An Irishman's Diary
The 1983 Fodor’s Ireland guidebook afforded a paltry 15 lines to the tourist contemplating a visit to Derry. It suggested just three things worth seeing: the Roaring Meg cannon, the neo-Gothic facade of Magee College, and the Guildhall. By comparison, Fodor’s Ireland 2013 stretches to 15 pages on Derry, reflecting how the city has been transformed in three decades.
As it embarks on UK city of culture year, Derry is creating a major industry around cultural tourism. Military parade grounds that were hidden for years are now spacious playgrounds filled with concerts or T’ai-chi practitioners. Armed soldiers who hunkered on street corners 30 years ago squinting through rifle sights, have been replaced by rucksacked visitors spreading out maps.
Derry was the last walled city built in Europe and is still the most complete in Ireland. Construction of the walls started in 1613 and 400 years later they stand cheek by jowl with landmark buildings freshly emerged from a multi-million pound beautification. St Columb’s Church of Ireland Cathedral, the oldest post-reformation cathedral in Ireland or Britain, has just completed a £4 million restoration. First Derry Presbyterian Church, surrounded in the 1980s by high security paraphernalia and bullet-proof perspex, reopened in 2011 after a facelift.
In 1983 the walls were inaccessible due to British army installations, screens and fences – today they are swarming with tour groups. The history, culture and significance of the walls will be dramatised in a range of events while an exhibition will link Derry with Berlin and Dubrovnik, two cities also defined by the iconography of walls. In the summer, marathon runners will thunder past the original gates, making their way around Hangman’s and Coward’s bastion, defensive elements on the walled circuit.
The city is part of a small but distinctive coterie of places throughout Europe which have preserved their ancient ramparts, absorbing them into the modern townscape; later in the year representatives from fortified towns and cities will visit Derry for the European Walled Towns symposium.
Apart from the quadricentennial of the walls, it is 40 years since the IRA blew up the Doric column monument to governor George Walker. Known as Walker’s Pillar, it was erected on the walls in 1828 but after a 100lb bomb in August 1973, just a 7ft stump was left. The original sculpted head – the only section remaining intact – rests in a display cabinet in the museum of the Apprentice Boys’ Memorial Hall. Not to be outshone by the energetic spirit of ecclesiastical renewal, this museum is also benefiting to the tune of £3.2 million for a grandiosely titled “Siege Heroes Museum and Shared Space Visitors Centre” planned for the summer of 2014.
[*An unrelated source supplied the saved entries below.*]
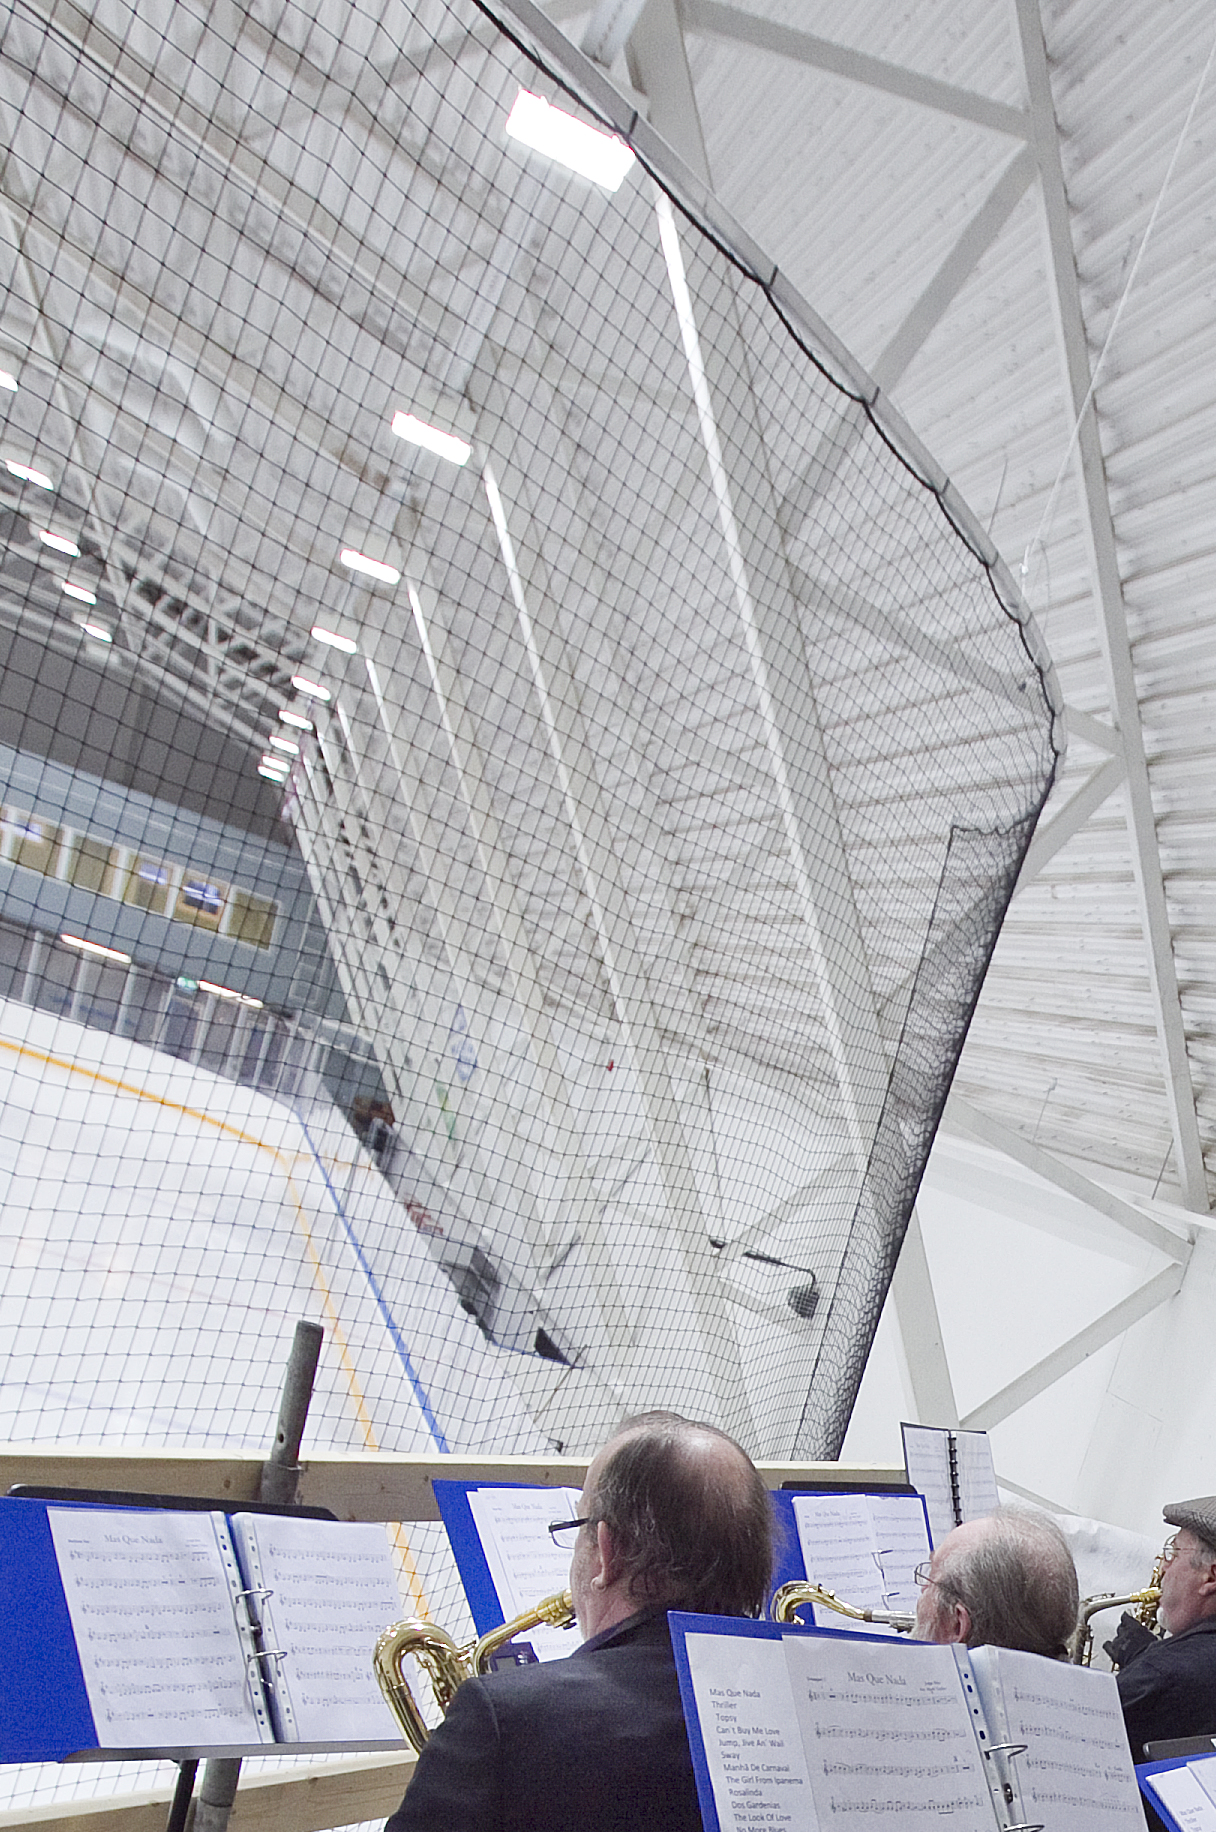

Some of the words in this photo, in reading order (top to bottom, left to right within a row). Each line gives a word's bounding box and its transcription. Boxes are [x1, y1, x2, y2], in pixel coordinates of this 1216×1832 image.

[847, 1671, 864, 1682] Mas
[866, 1672, 884, 1686] Que
[885, 1674, 906, 1685] Nada
[709, 1688, 725, 1697] Mas
[726, 1688, 741, 1698] Que
[743, 1689, 761, 1698] Nada
[711, 1700, 737, 1709] Thriller
[716, 1712, 737, 1722] Topsy
[737, 1726, 751, 1736] Buy
[752, 1726, 763, 1735] Me
[765, 1727, 780, 1736] Love
[721, 1751, 740, 1760] Sway
[751, 1763, 760, 1771] De
[761, 1763, 790, 1772] Carnaval
[725, 1775, 740, 1784] The
[741, 1775, 754, 1784] Girl
[755, 1776, 773, 1784] From
[774, 1776, 803, 1785] Ipanema
[728, 1788, 762, 1796] Rosalinda
[731, 1801, 746, 1809] Dos
[746, 1801, 780, 1809] Gardenias
[734, 1813, 747, 1821] The
[748, 1814, 765, 1822] Look
[766, 1813, 774, 1821] Of
A short stroll down St Columb’s Street, a cobbled lane made from ballast, takes you to the Victorian sandstone Guildhall. It too is undergoing a £10million conservation programme and will reopen in June 2013 with a new exhibition telling the story and legacy of the Plantation of Ulster.
Some locals pronounce it “Guilthall” and although it is not a hall of guilt, it is a place of symbolism. The ornate building was centre-stage during the British government’s 2010 apology for the killings on Bloody Sunday. The clock, modelled on Big Ben, and the largest in Ireland, was given its first makeover in 2011. With its four faces and green copper roof, it has watched over the city for 122 years and given rise to a local saying about someone “having more faces than the Guildhall clock”, a quip not to be interpreted as a compliment.
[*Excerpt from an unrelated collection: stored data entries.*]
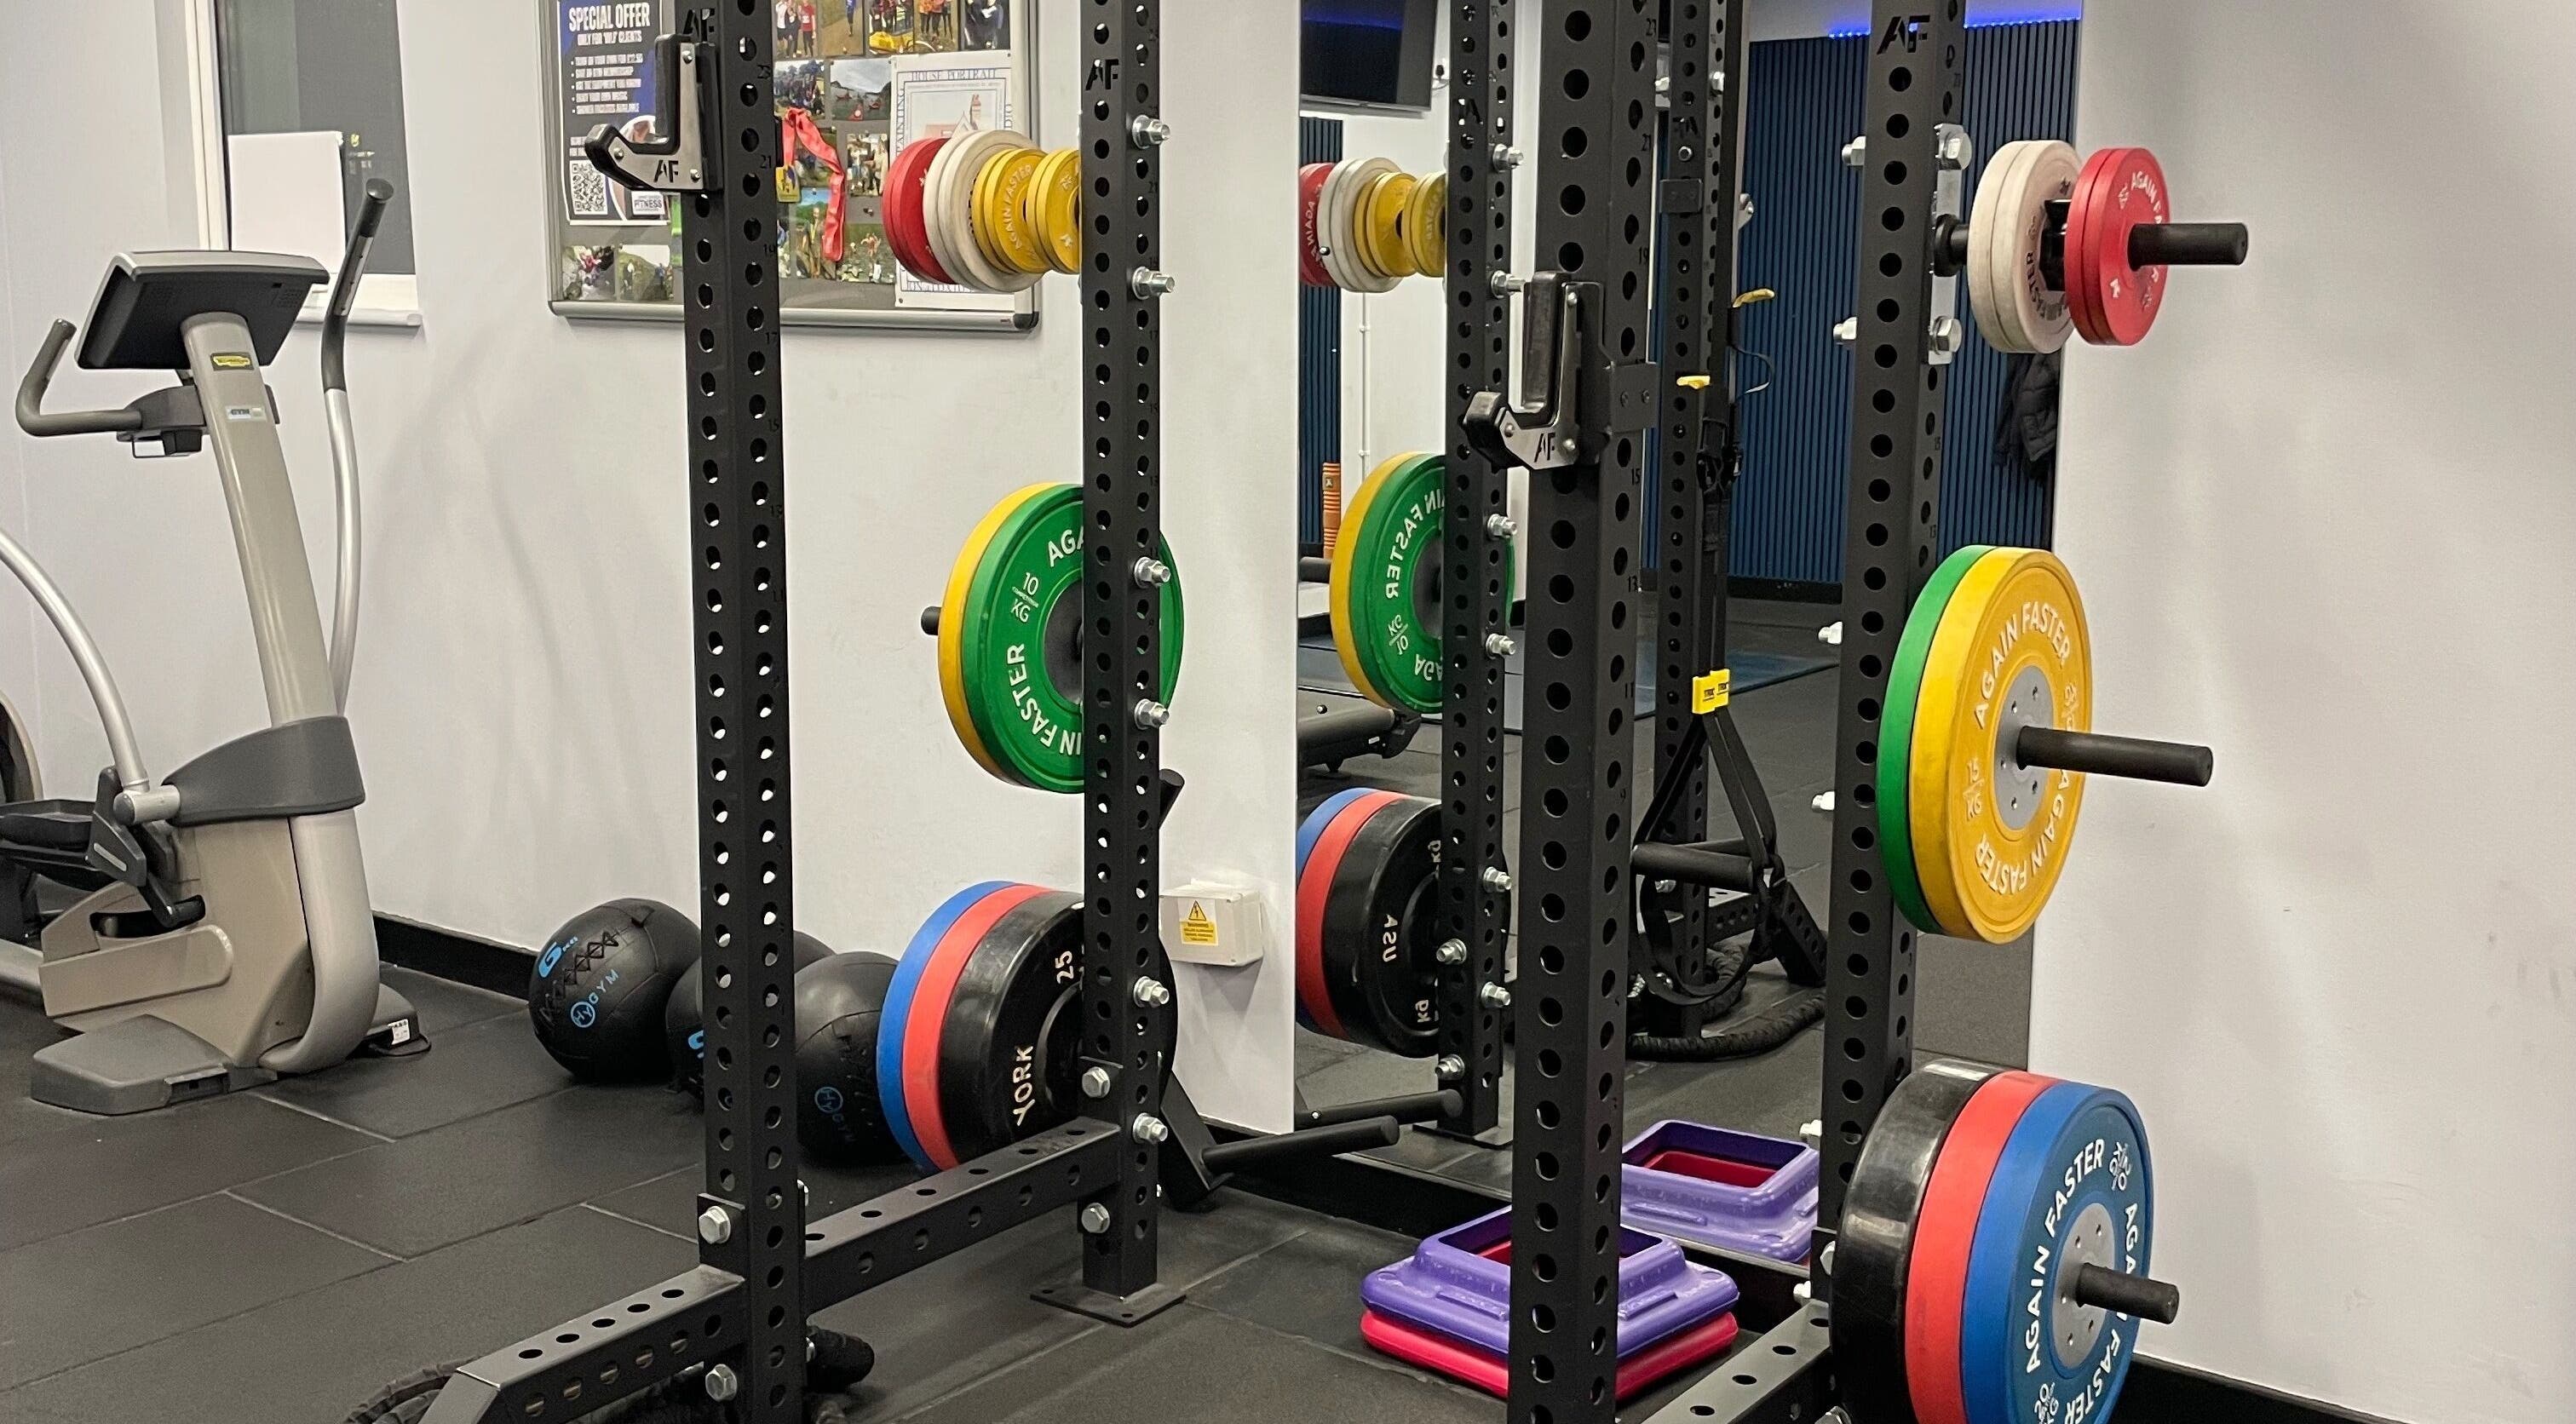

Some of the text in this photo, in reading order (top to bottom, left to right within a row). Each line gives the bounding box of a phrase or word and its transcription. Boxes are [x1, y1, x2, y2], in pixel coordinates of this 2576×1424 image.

[568, 3, 650, 32] SPECIAL OFFER
[1877, 15, 1930, 55] AF
[1085, 59, 1119, 91] AF
[653, 159, 679, 183] AF
[2131, 171, 2157, 204] AGAIN
[1534, 432, 1556, 462] AF
[1048, 525, 1084, 567] AGA
[1022, 572, 1039, 595] 10
[1011, 598, 1031, 623] KG
[1975, 601, 2070, 730] AGAIN FASTER
[1007, 643, 1057, 748] FASTER
[1975, 770, 2069, 895] AGAIN FASTER
[1055, 950, 1074, 984] 25
[589, 969, 619, 1004] GYM
[1013, 1046, 1035, 1126] YORK
[2026, 1139, 2104, 1374] AGAIN FASTER
[2064, 1329, 2120, 1424] FASTER
Geographically on the periphery of Europe, Derry’s cultural importance is summed up in a billboard news motto: “Small city becomes huge”, a piece of artwork by David Shrigley to be displayed throughout 2013. The mascot, the cuddly “Oaky Dokes”, a red squirrel created by local artist Domhnall Starkey, connects to the city’s origins Doire Cholmcille or “Colmcille’s oakwood”.
The broad walkway on the historically-saturated walls, a no-go area for many years, has been reclaimed by tourists, cyclists, joggers and snoggers. The deep-throated boom of the cannon roar no more, but the surrounding built heritage glistens as never before. During the year ahead the walls and steep streets will echo to the sound of the LSO, Columba Canticles and Fleadh Cheoil na hÉireann. With so much planned, it is no surprise that city of culture vultures have rechristened “LegenDerry” with a new tag “MerryDerry”.
* Paul Clements is a contributing editor to Fodor’s Ireland 2013.